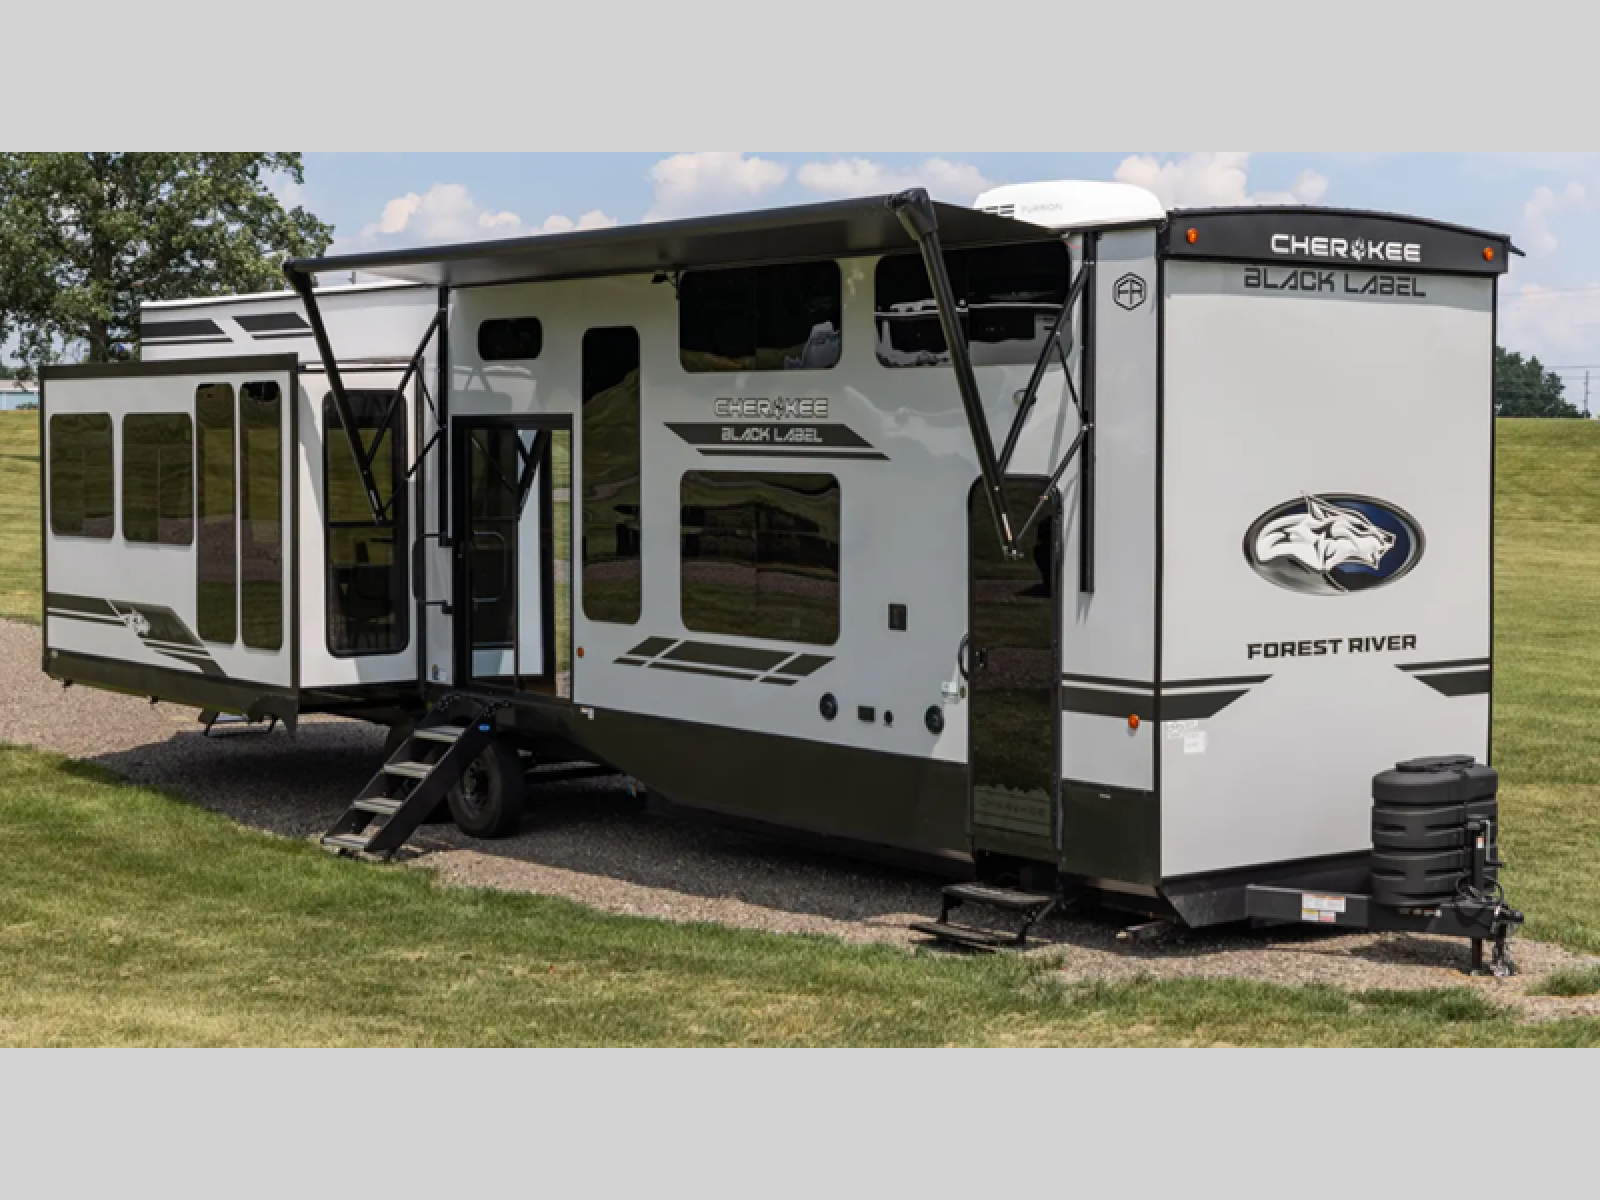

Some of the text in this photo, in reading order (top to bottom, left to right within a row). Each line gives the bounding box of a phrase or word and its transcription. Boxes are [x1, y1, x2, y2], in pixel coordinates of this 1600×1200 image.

[1270, 234, 1422, 263] CHEROKEE
[1244, 267, 1427, 298] BLACK LABEL
[714, 396, 829, 420] CHEROKEE
[721, 426, 823, 443] BLACK LABEL
[1246, 633, 1418, 660] FOREST RIVER
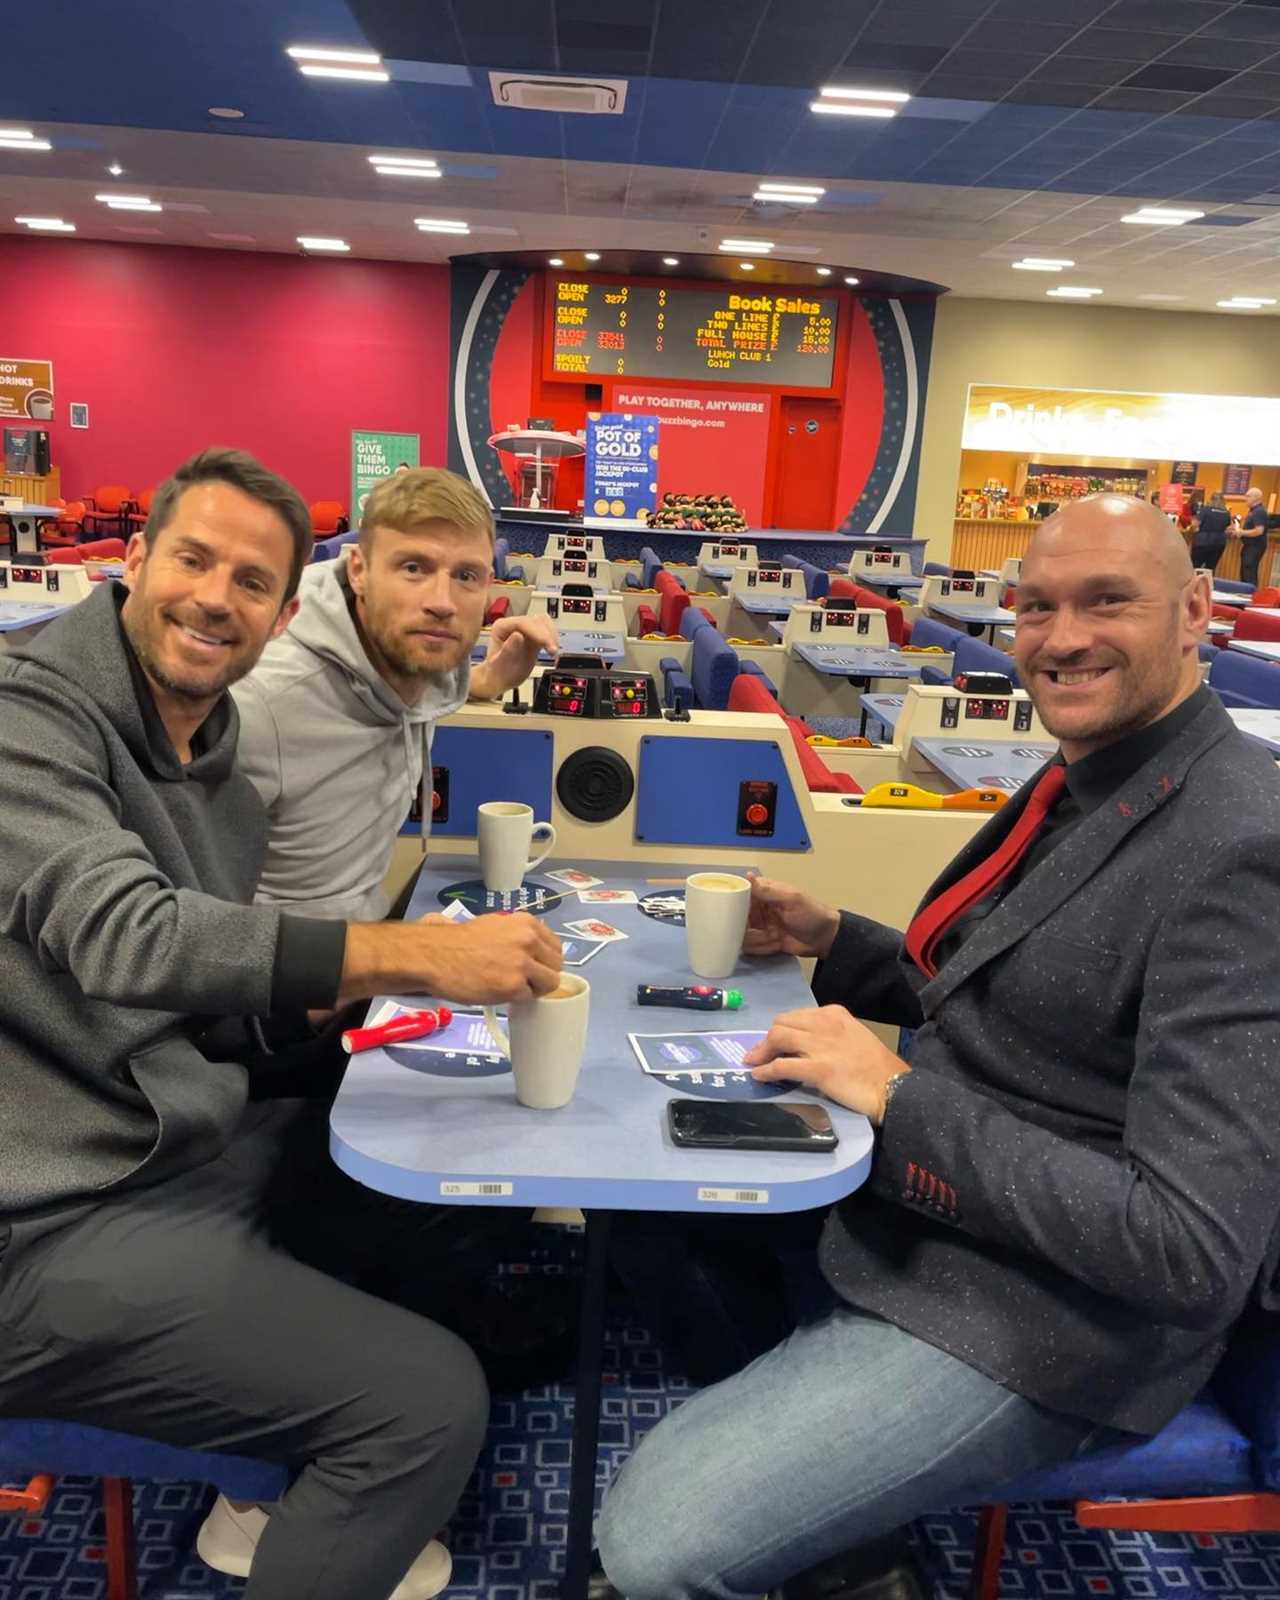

========================================

# Exercise aim
Please print each record above again exactly, but omit any pictures.

# Answer to this task
Some of the text in this photo, in reading order (top to bottom, left to right within a row). Each line gives the bounding box of a phrase or word and its transcription. Boxes are [x1, y1, x2, y2], in pixel coordinates of this 1600×1200 image.

[1270, 234, 1422, 263] CHEROKEE
[1244, 267, 1427, 298] BLACK LABEL
[714, 396, 829, 420] CHEROKEE
[721, 426, 823, 443] BLACK LABEL
[1246, 633, 1418, 660] FOREST RIVER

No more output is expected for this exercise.